Generally, if any net Medicare savings exceed the minimum savings rate, the ACO can receive a portion of the additional net Medicare cost savings in excess of the minimum savings rate (the "Shared Savings"). The percentage depends on the type of ACO and amount of shared risk, as follows:
Year 1 Shared Savings
Year 2 Shared Savings
Up to 50%
Up to 52.5%
Up to 60%
Up to 65%
Up to 60%
Up to 70%
Pioneer ACOs that have met a "minimum average annual savings amount" in those first two years will then transition to a population-based payment system, which yields a per-beneficiary per month payment amount. This type of payment system is intended to replace a significant amount of the ACO's fee-for-service payments with a prospective payment.
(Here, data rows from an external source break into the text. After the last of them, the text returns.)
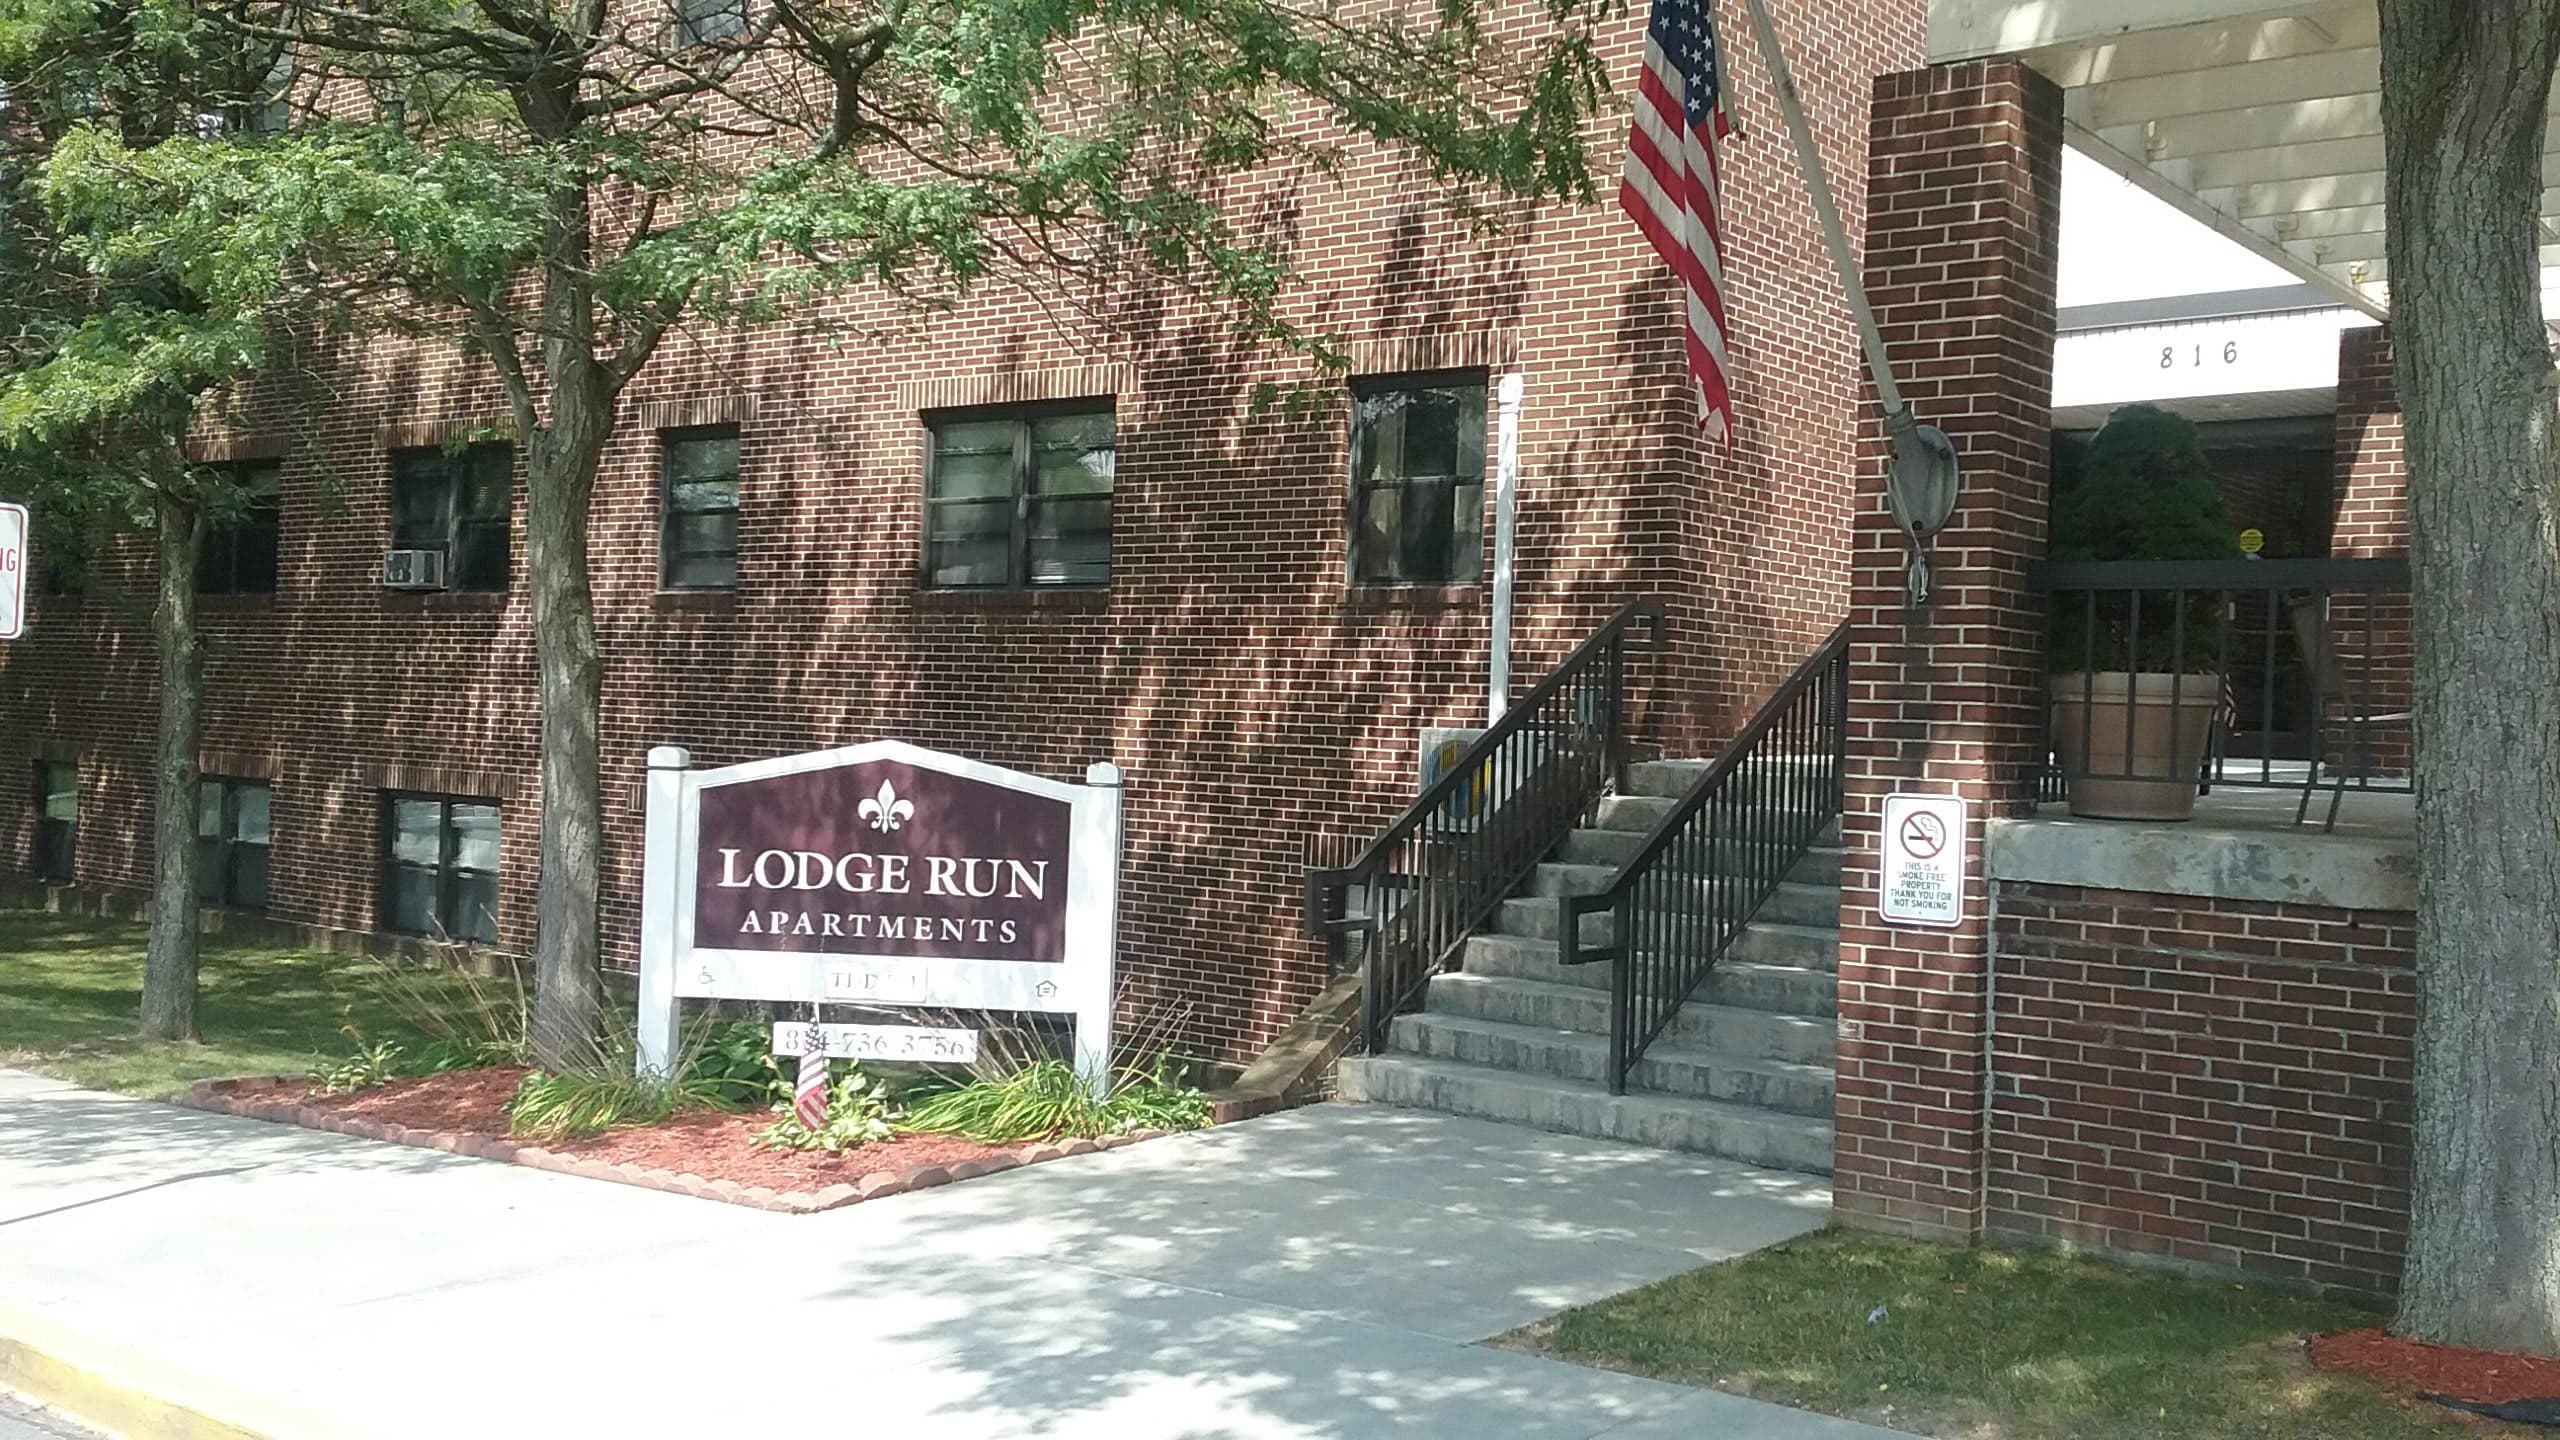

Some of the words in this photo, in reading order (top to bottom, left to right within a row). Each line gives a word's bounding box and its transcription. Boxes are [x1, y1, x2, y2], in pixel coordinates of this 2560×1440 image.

[2160, 341, 2237, 368] 816
[1904, 862, 1921, 870] THIS
[1924, 863, 1931, 871] IS
[717, 848, 911, 894] LODGE
[924, 856, 1049, 901] RUN
[1898, 871, 1924, 880] SMOKE
[1926, 873, 1946, 882] FREE
[1900, 880, 1940, 890] PROPERTY
[1890, 888, 1916, 897] THANK
[1918, 890, 1934, 900] YOU
[1936, 892, 1952, 901] FOR
[1894, 898, 1909, 907] NOT
[1911, 900, 1947, 910] SMOKING
[740, 909, 1017, 944] APARTMENTS
While the potential rewards are quite high, as noted above, the risk and CMS requirements are also quite high. Pioneer ACOs will be held financially accountable for the care they provide and be expected to improve health while reducing spending. Moreover, CMS will publicly report the performance of Pioneer ACOs on its website.
CMS is looking for 30 organizations to partake in its Pioneer ACO Model program. Interested organizations are required to submit a Letter of Intent by June 10, 2011 and an application by July 18, 2011. For more information on Pioneer ACOs see CMS's Pioneer ACO Application website.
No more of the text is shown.